§ Exercise description: Print the data below verbatim, minus images.
--- Data shown Enclosed Below ---
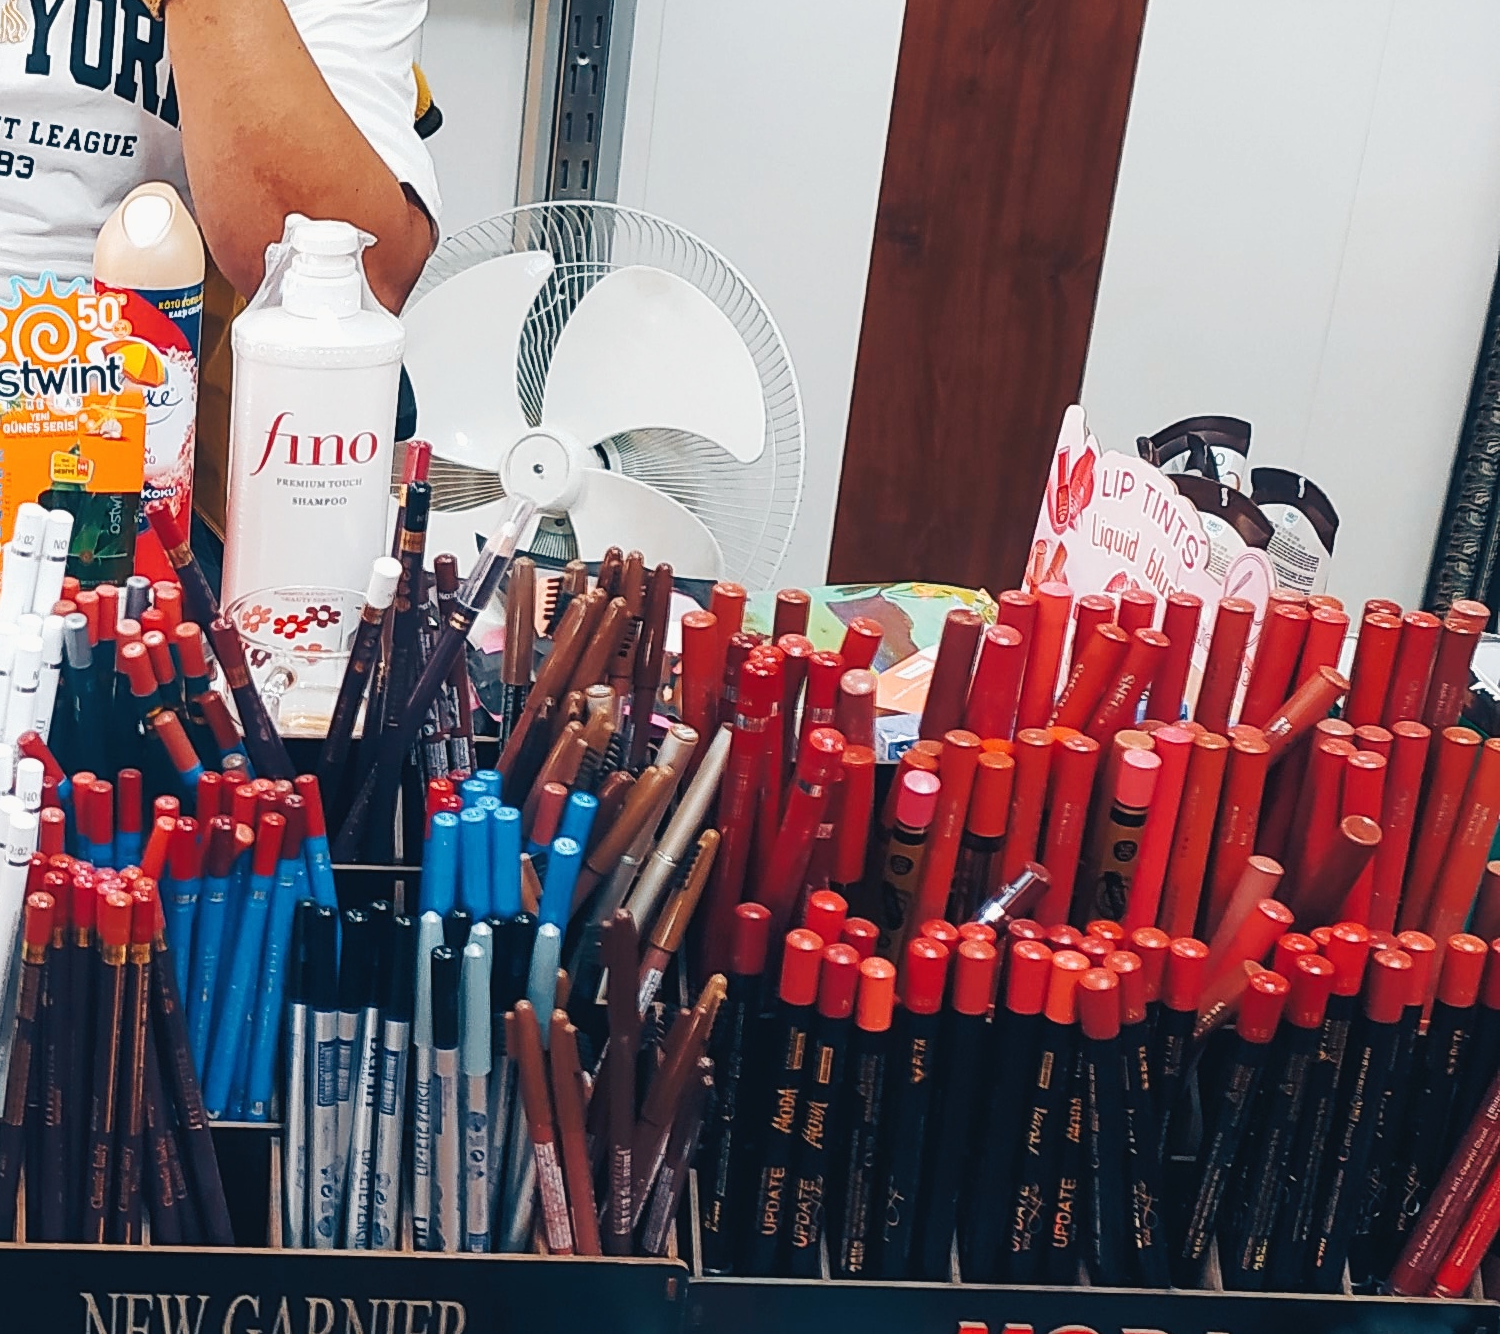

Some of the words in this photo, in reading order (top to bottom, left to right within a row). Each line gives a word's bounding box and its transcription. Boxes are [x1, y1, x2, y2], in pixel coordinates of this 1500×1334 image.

[28, 121, 138, 158] LEAGUE
[3, 421, 40, 435] GÜNEŞ
[250, 412, 378, 476] fino
[276, 478, 326, 488] PREMIUM
[327, 478, 362, 488] TOUCH
[292, 496, 348, 506] SHAMPOO
[1092, 513, 1140, 562] Liquid
[1102, 469, 1135, 499] LIP
[1143, 482, 1198, 569] TINTS
[762, 1167, 785, 1236] UPDATE
[1051, 1177, 1077, 1249] UPDATE
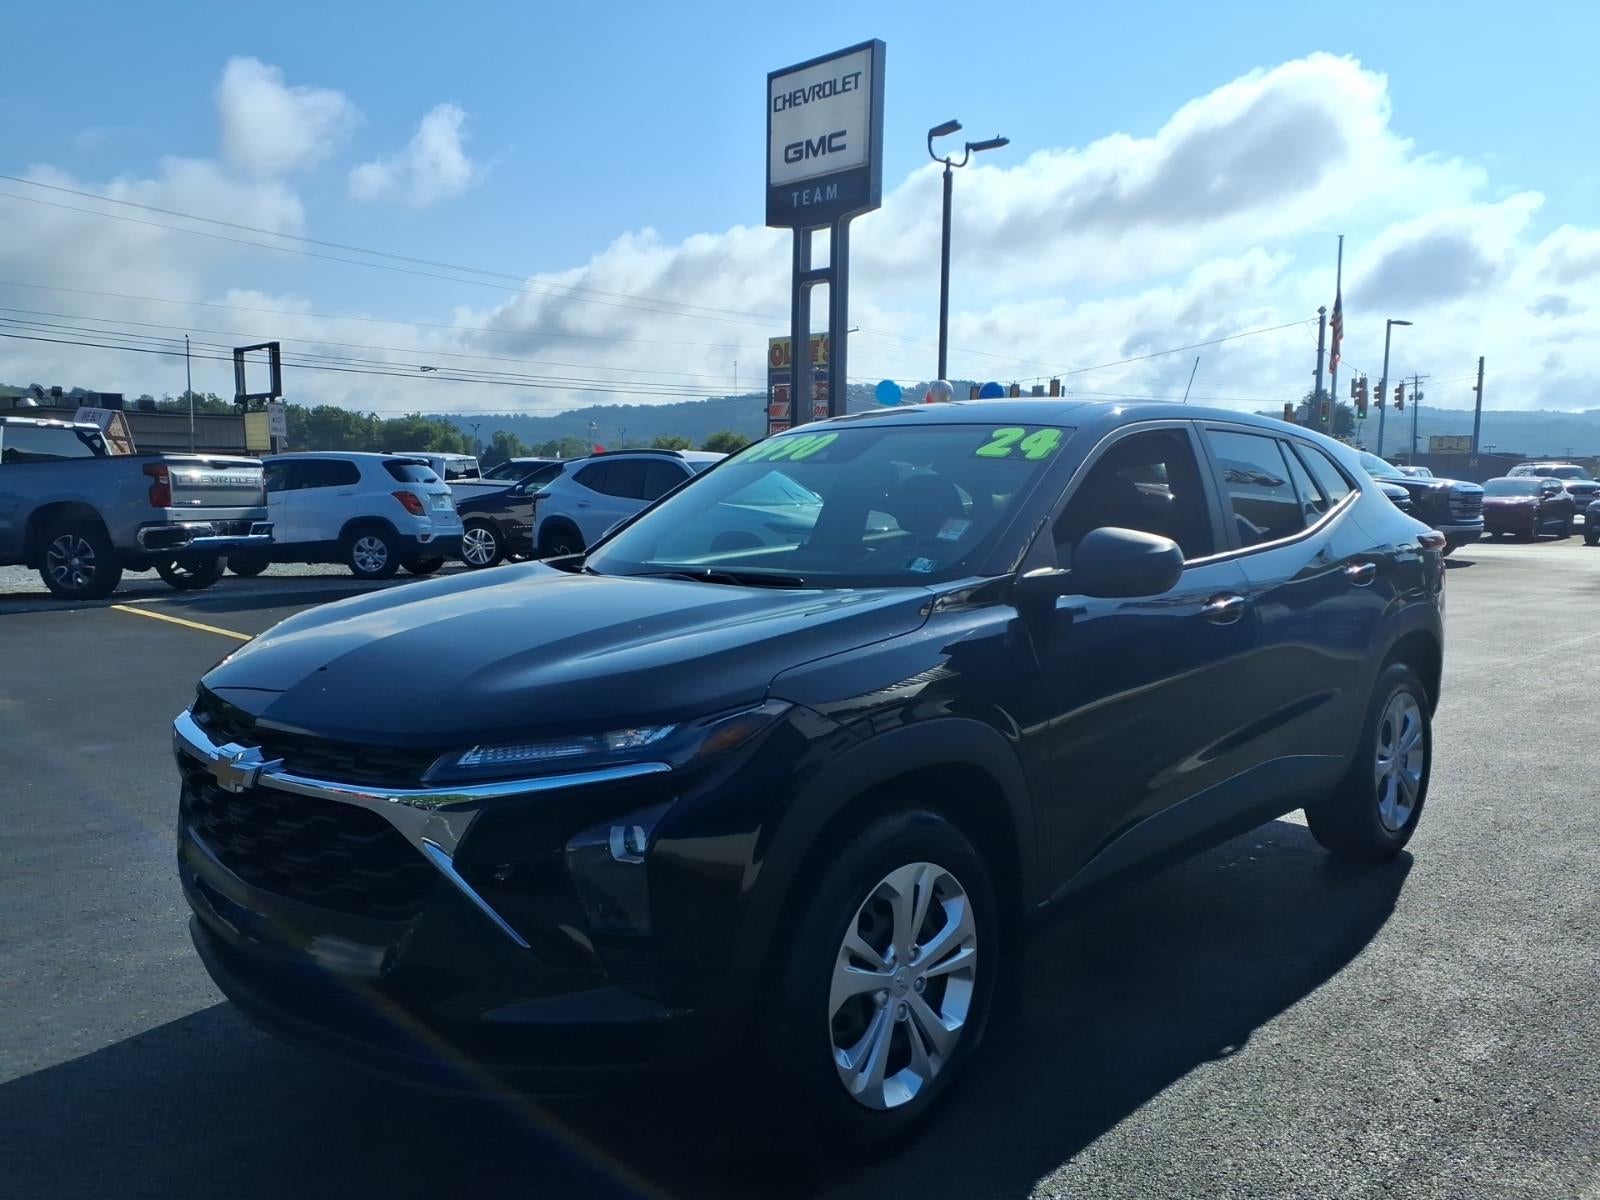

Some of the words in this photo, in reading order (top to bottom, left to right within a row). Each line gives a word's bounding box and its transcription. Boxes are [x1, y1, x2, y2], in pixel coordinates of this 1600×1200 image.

[773, 72, 862, 113] CHEVROLET
[784, 130, 847, 164] GMC
[791, 184, 838, 208] TEAM
[976, 427, 1063, 459] 24
--- End of Enclosed Data shown ---
§ Answer box:
Some of the words in this photo, in reading order (top to bottom, left to right within a row). Each line gives a word's bounding box and its transcription. Boxes are [x1, y1, x2, y2], in pixel coordinates of this 1500×1334 image.

[28, 121, 138, 158] LEAGUE
[3, 421, 40, 435] GÜNEŞ
[250, 412, 378, 476] fino
[276, 478, 326, 488] PREMIUM
[327, 478, 362, 488] TOUCH
[292, 496, 348, 506] SHAMPOO
[1092, 513, 1140, 562] Liquid
[1102, 469, 1135, 499] LIP
[1143, 482, 1198, 569] TINTS
[762, 1167, 785, 1236] UPDATE
[1051, 1177, 1077, 1249] UPDATE

Some of the words in this photo, in reading order (top to bottom, left to right within a row). Each line gives a word's bounding box and its transcription. Boxes are [x1, y1, x2, y2], in pixel coordinates of this 1600×1200 image.

[773, 72, 862, 113] CHEVROLET
[784, 130, 847, 164] GMC
[791, 184, 838, 208] TEAM
[976, 427, 1063, 459] 24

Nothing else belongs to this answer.